Madame la Ministre,
Je vous écris pour exprimer ma préoccupation au regard de la peine de mort au Japon et particulièrement sur le fait que le Japon poursuit l'exécution de prisonniers atteints de maladie mentale, en violation des engagements internationaux.
Le Japon est un des deux seuls pays développés et industrialisés qui conserve la peine de mort et pratique des exécutions (l'autre étant les États-Unis d'Amérique). Ceci en dépit d'une tendance claire et de longue date dans le monde entier vers une diminution ou vers l'abolition de la peine de mort. Le taux des exécutions au Japon a augmenté ces dernières années. Les organes des Nations Unies spécialistes des droits humains ont exprimé leurs graves préoccupations au sujet des conditions éprouvantes de détention des condamnés à mort au Japon mais, à ce jour, aucune amélioration significative n'a été apportée par le gouvernement japonais.
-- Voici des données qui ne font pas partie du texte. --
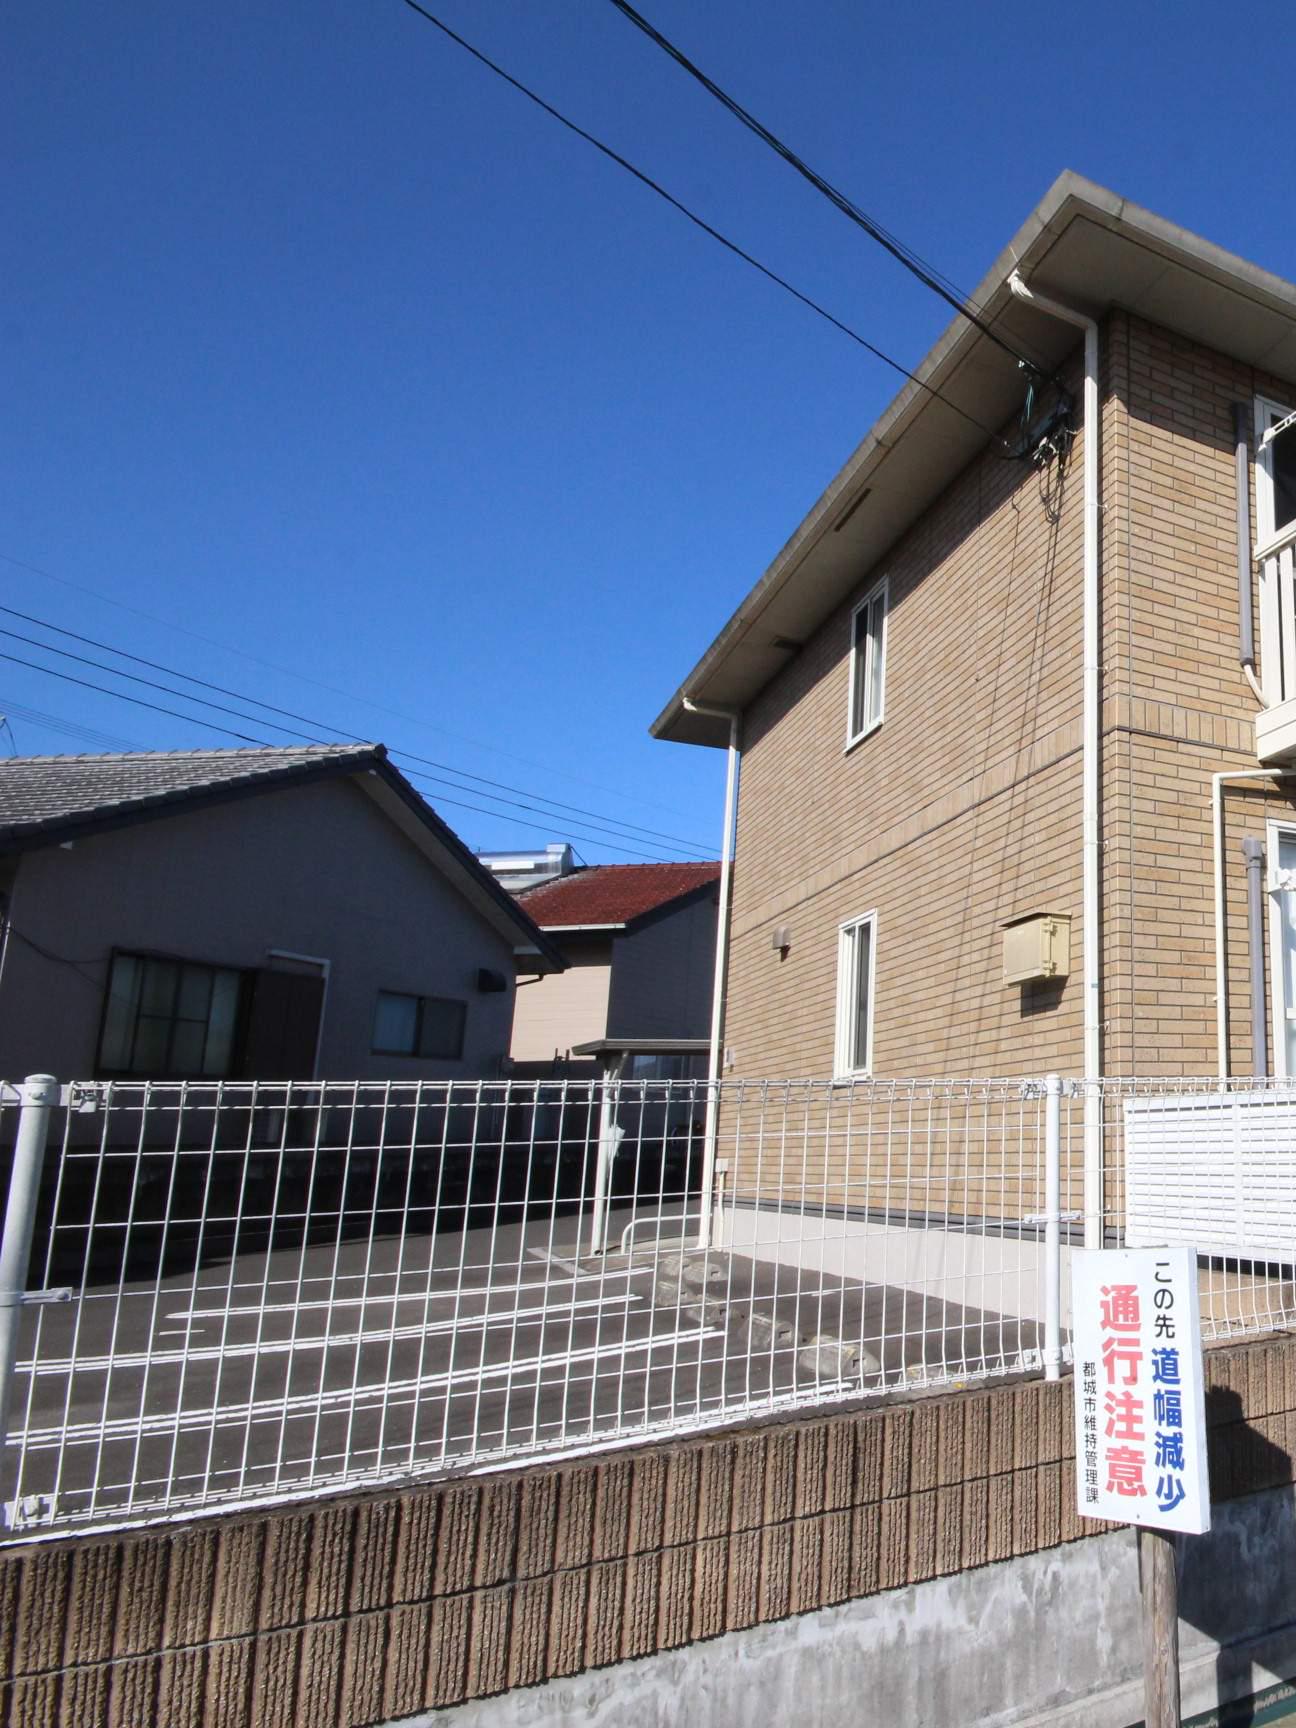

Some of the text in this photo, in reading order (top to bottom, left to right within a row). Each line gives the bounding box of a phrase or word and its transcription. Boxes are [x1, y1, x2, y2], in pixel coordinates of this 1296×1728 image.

La peine de mort est entourée de secret au Japon: les avocats rencontrent de sérieux obstacles pour obtenir des informations au sujet des prisonniers, les condamnés à mort et leurs familles ne sont pas informés de l'imminence de leur exécution et il existe un manque général de transparence dans les procédures de justice criminelle.
Amnesty International lance un appel au Gouvernement japonais pour qu'il instaure sans délai un moratoire sur les exécutions en vue de réviser les lois qui autorisent l'usage de la peine de mort.
Je vous demande instamment d'aligner la législation japonaise relative à la peine de mort sur les normes internationales, particulièrement en prenant les mesures suivantes:
• Faire en sorte que tous les prisonniers passent des examens médicaux sérieux et impartiaux après leur arrestation;
• Veiller à ce que les avocats aient le droit de rechercher et de recevoir des informations sur la santé des condamnés à mort;
• Faire procéder à une révision indépendante des cas lorsque des éléments sérieux indiquent que les prisonniers sont atteints de maladie mentale et pourraient relever de l'article 479 du Code de procédure pénale;
• Mettre fin à la possibilité d'exécuter un prisonnier, tant que toutes les procédures de son appel ne sont pas encore terminées;
• S'assurer que les prisonniers et leur famille soient informés à l'avance de la date de l’exécution;
• Mettre fin au placement en isolement des condamnés à mort;
• Fournir des activités volontaires aux condamnés à mort.
Je vous engage aussi instamment à instaurer un moratoire sur les exécutions en vue d'abolir la peine de mort conformément à la résolution 62/149 de 2007 de l'Assemblée générale des Nations Unies.
Je vous remercie de l'attention que vous voudrez bien porter à cet important problème.